Persistence for the network UI canvas state is implemented using an asynchronous websocket protocol to send information from the client to the server and vice-versa. This two-way communication was chosen to support future features for streaming data to the canvas, broadcast messaging between clients, and for interaction performance on the UI.

Messages

JSON messages are passed over the /network_ui/topology/ websocket between the test client and the test server.
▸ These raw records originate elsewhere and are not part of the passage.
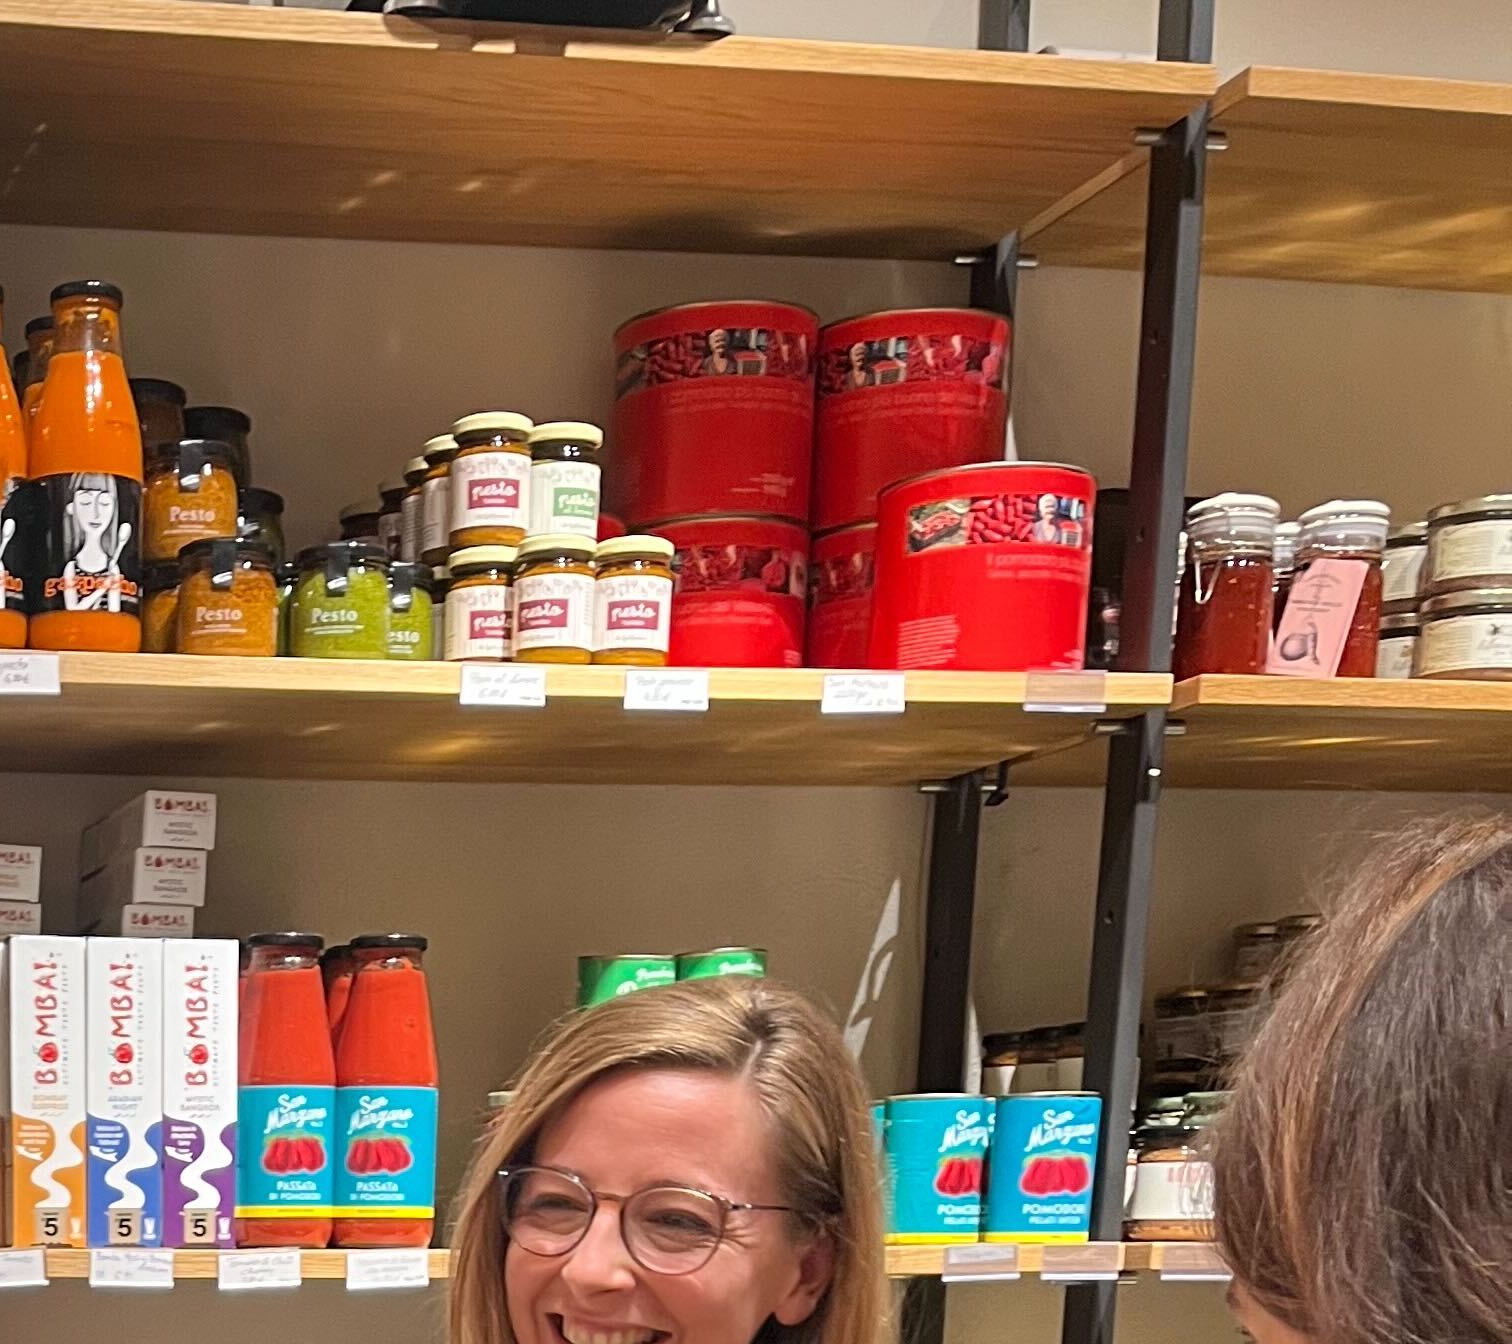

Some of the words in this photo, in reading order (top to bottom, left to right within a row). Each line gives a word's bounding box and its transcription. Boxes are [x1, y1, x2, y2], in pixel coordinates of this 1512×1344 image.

[169, 506, 216, 522] Pesto
[195, 606, 243, 623] Pesto
[311, 608, 358, 622] Pesto
[387, 629, 420, 643] esto
[276, 1181, 317, 1191] PASSATA
[356, 1181, 399, 1192] PASSATA
[44, 1218, 59, 1236] 5
[118, 1219, 132, 1237] 5
[192, 1219, 207, 1237] 5
The protocol that is used for all messages is in ABNF (RFC5234):

message_type    =  'DeviceMove' / 'DeviceCreate' / 'DeviceDestroy' / 'DeviceLabelEdit' / 'DeviceSelected' / 'DeviceUnSelected' / 'InterfaceCreate' / 'InterfaceLabelEdit' / 'LinkLabelEdit' / 'LinkCreate' / 'LinkDestroy' / 'LinkSelected' / 'LinkUnSelected' / 'MultipleMessage' / 'Snapshot'
message_data    = '{' 'msg_type' ': ' message_type ', ' key-value *( ', ' key-value ) '}'
message         = '[ id , ' posint ']' / '[ topology_id , ' posint ']' / '[' message_type ', ' message_data ']'

See https://github.com/AndyA/abnfgen/blob/master/andy/json.abnf for the rest of the JSON ABNF.

See networking/messages.yml for the allowable keys and values for each message type.
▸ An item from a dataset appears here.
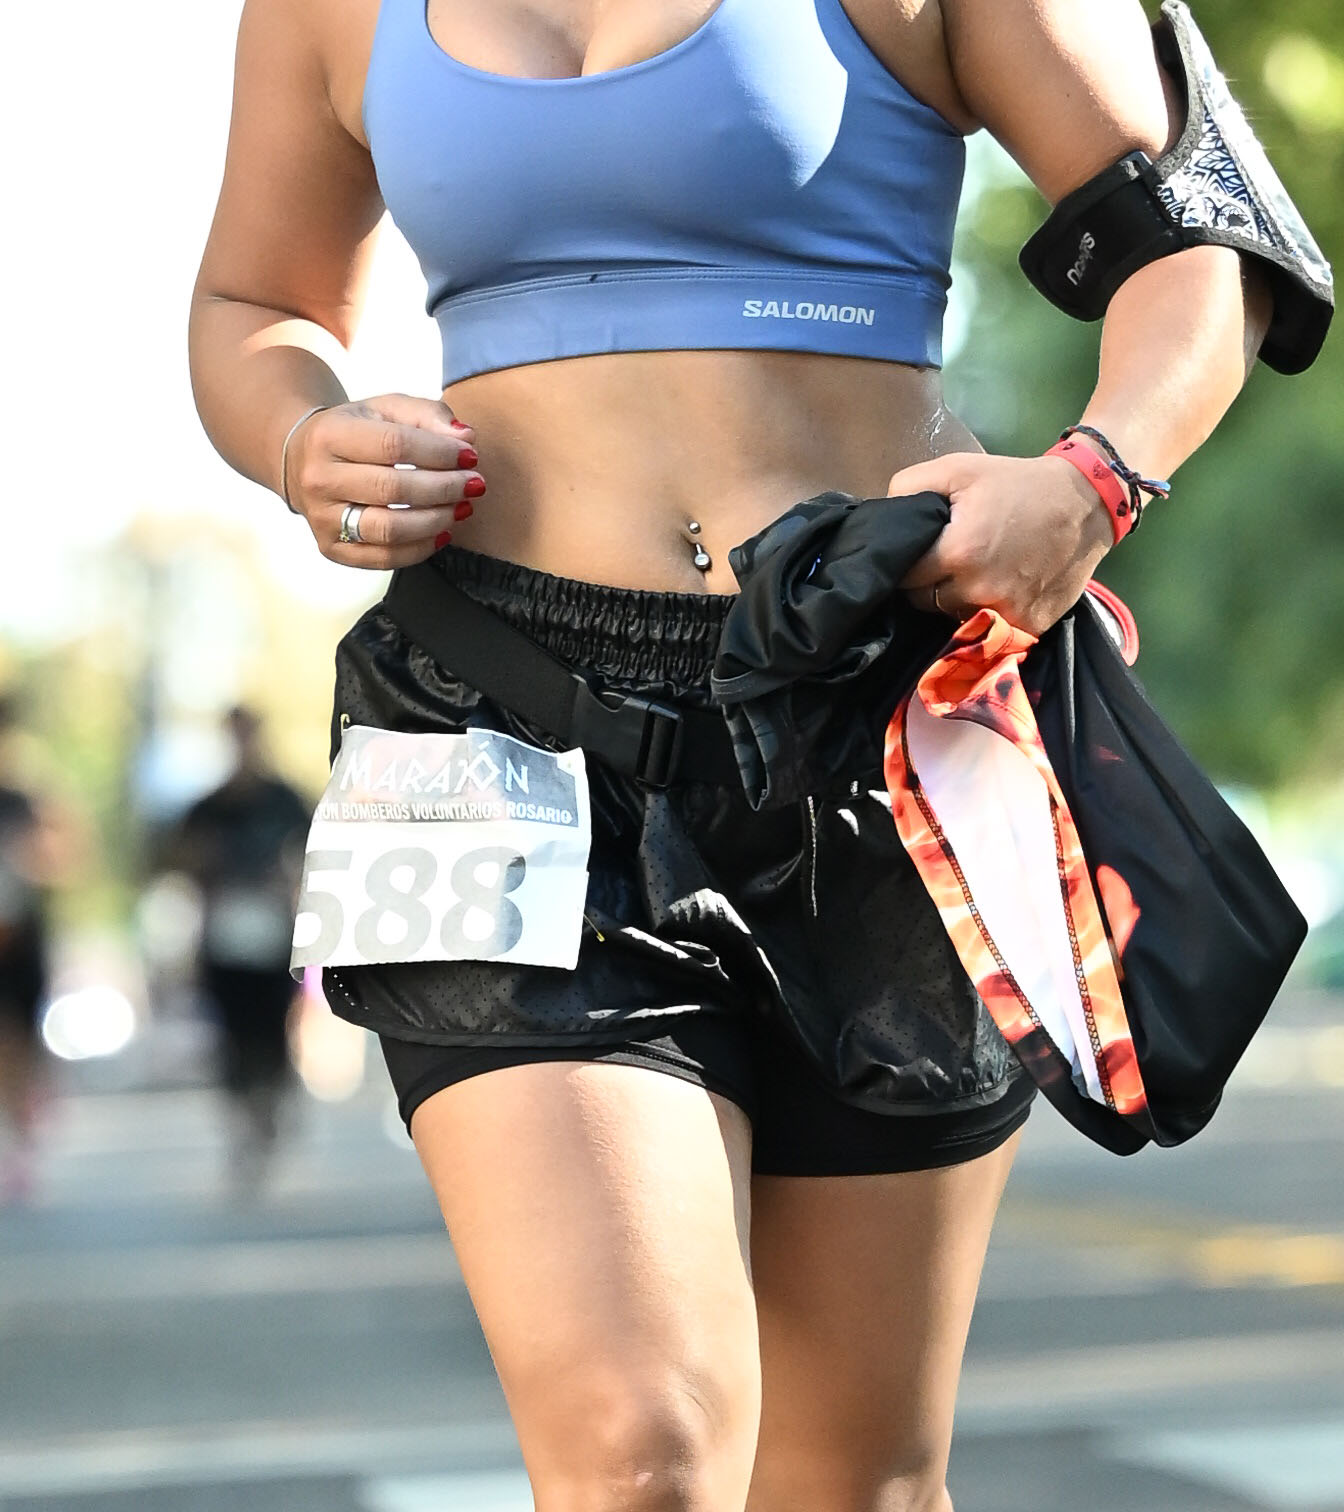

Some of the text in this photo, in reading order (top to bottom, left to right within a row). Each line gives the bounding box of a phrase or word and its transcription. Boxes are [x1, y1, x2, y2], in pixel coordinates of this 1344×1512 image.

Initially when the websocket is first opened the server will send four messages to the client. These are:

  • the client id using the id message type.
  • the topology id using the topology message type.
  • a Topology record containing data for the canvas itself.
  • a Snapshot message containing all the data of the data on the canvas.

As the user interacts with the canvas messages will be generated by the client and the network_ui.consumers.NetworkEvents class will update the models that represent the canvas.

Persistence

The class awx.network_uiconsumers.NetworkEvents provides persistence for the Network UI canvas. It does so by providing message handlers that handle storage of the canvas change events into the database. Each event has a message handle with name onX where X is the name of the message type. The handlers use the filter/values_list, filter/values, filter/update, and filter/delete patterns to update the data in the database quickly with a constant O(1) number of queries per event often with only one query needed. With filter/update and filter/delete all the work is done in the database and Python never needs to instaniate and garbage collect the model objects.

Bulk operations (filter/values) in send_snapshot are used to produce a constant number of queries produce a snapshot when the canvas is first loaded. This method avoids creating the model objects since it only produces dicts that are JSON serializable which are bundled together for the Snapshot message type.

This method of persistence uses Django as a database query-compiler for transforms from the event types to the database types. Using Django in this way is very performant since Python does very little work processing the data and when possible the data never leaves the database.

Client Tracking

Each user session to the network UI canvas is tracked with the Client model. Multiple clients can view and interact with the network UI canvas at a time. They will see each other's edits to the canvas in real time. This works by broadcasting the canvas change events to all clients viewing the same topology.

    # Send to all clients editing the topology
    Group("topology-%s" % message.channel_session['topology_id']).send({"text": message['text']})

API

There is no user accessible API for this feature in the 3.3 release.